§ WHAT THE EXERCISE ASKS: Report all lines of the records that contain "market".

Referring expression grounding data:
┌──

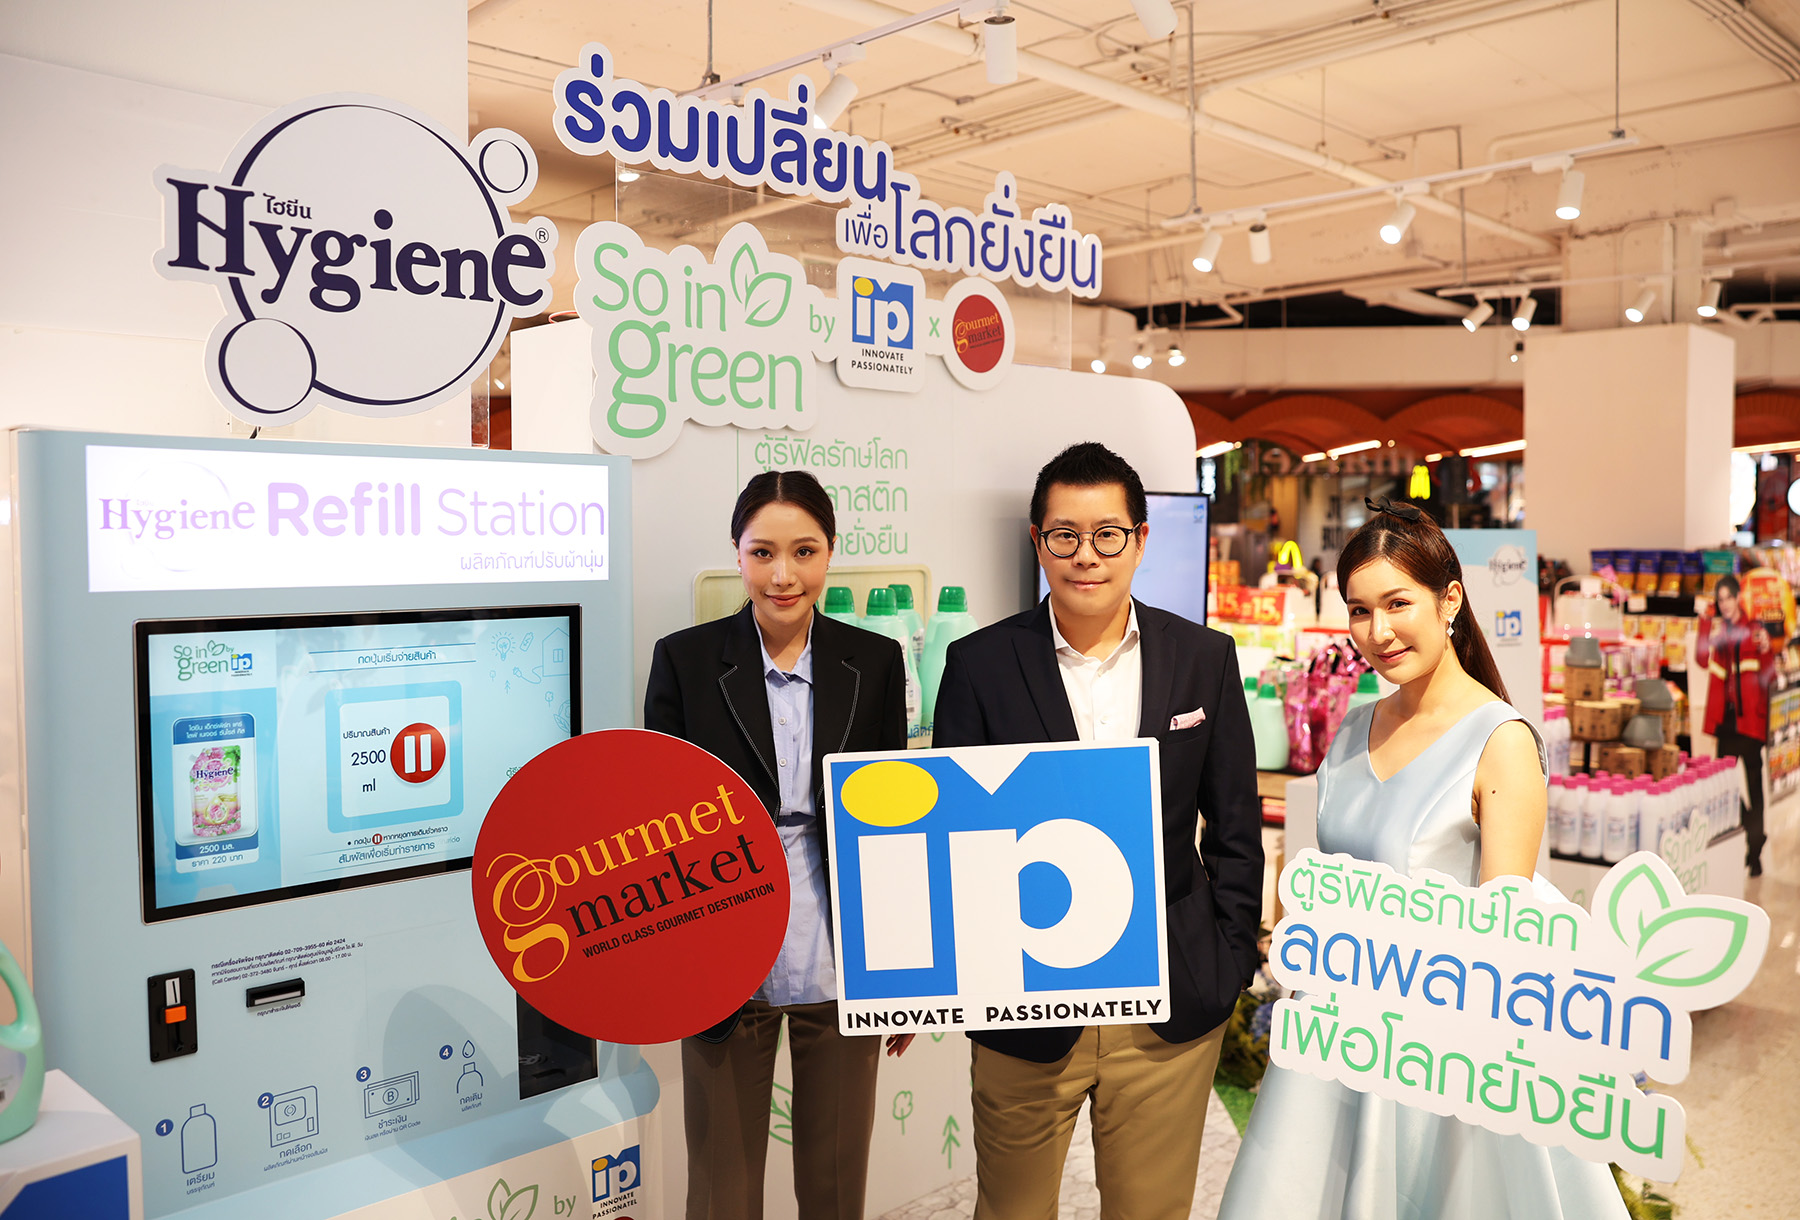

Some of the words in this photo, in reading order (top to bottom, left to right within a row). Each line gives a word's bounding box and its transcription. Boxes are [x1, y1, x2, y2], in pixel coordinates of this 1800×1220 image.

[564, 53, 887, 202] ร่วมเปลี่ยน
[263, 193, 312, 220] ไฮยีน
[166, 177, 546, 313] Hygiene
[844, 183, 1097, 290] เพื่อโลกยั่งยืน
[592, 242, 669, 317] So
[684, 266, 727, 332] in
[852, 275, 914, 350] ip
[954, 312, 1000, 354] gourmet
[967, 325, 1002, 345] market
[851, 360, 913, 375] PASSIONATELY
[861, 348, 904, 361] INNOVATE
[606, 319, 804, 440] green
[809, 303, 835, 343] by
[754, 434, 908, 473] ตู้รีฟิลรักษ์โลก
[824, 481, 908, 512] ลาสติก
[99, 498, 255, 539] Hygiene
[268, 482, 421, 538] Refill
[437, 488, 606, 536] Station
[836, 518, 908, 556] กยั่งยืน
[460, 551, 604, 572] ผลิตภัณฑ์ปรับผ้านุ่ม
[173, 645, 192, 659] So
[195, 646, 207, 658] in
[357, 650, 437, 666] กดปุ่มเริ่มจ่ายสินค้า
[177, 657, 229, 681] green
[342, 727, 391, 740] ปริมาณสินค้า
[351, 749, 386, 766] 2500
[196, 766, 234, 780] Hygiene
[362, 778, 376, 793] ml
[192, 859, 209, 868] ราคา
[212, 855, 227, 864] 220
[230, 853, 244, 862] บาท
[199, 844, 219, 854] 2500
[486, 784, 745, 983] gourmet
[565, 834, 765, 938] market
[836, 753, 1148, 997] ip
[1290, 858, 1578, 951] ตู้รีฟิลรักษ์โลก
[583, 937, 621, 958] WORLD
[621, 924, 656, 945] CLASS
[656, 907, 706, 933] GOURMET
[707, 882, 775, 915] DESTINATION
[1280, 923, 1671, 1061] ลดพลาสติก
[847, 1008, 965, 1029] INNOVATE
[986, 999, 1162, 1022] PASSIONATELY
[442, 1048, 450, 1057] 4
[360, 1069, 367, 1080] 3
[1281, 992, 1666, 1159] เพื่อโลกยั่งยืน
[260, 1094, 271, 1107] 2
[378, 1114, 408, 1129] ชำระเงิน
[279, 1142, 312, 1159] กดเลือก
[186, 1171, 215, 1187] เตรียม
[591, 1144, 641, 1203] ip
[553, 1195, 577, 1217] by
[600, 1191, 634, 1209] INNOVATE
[592, 1198, 638, 1220] PASSIONATEL

└──

§ ANSWER TO THE EXERCISE:
[967, 325, 1002, 345] market
[565, 834, 765, 938] market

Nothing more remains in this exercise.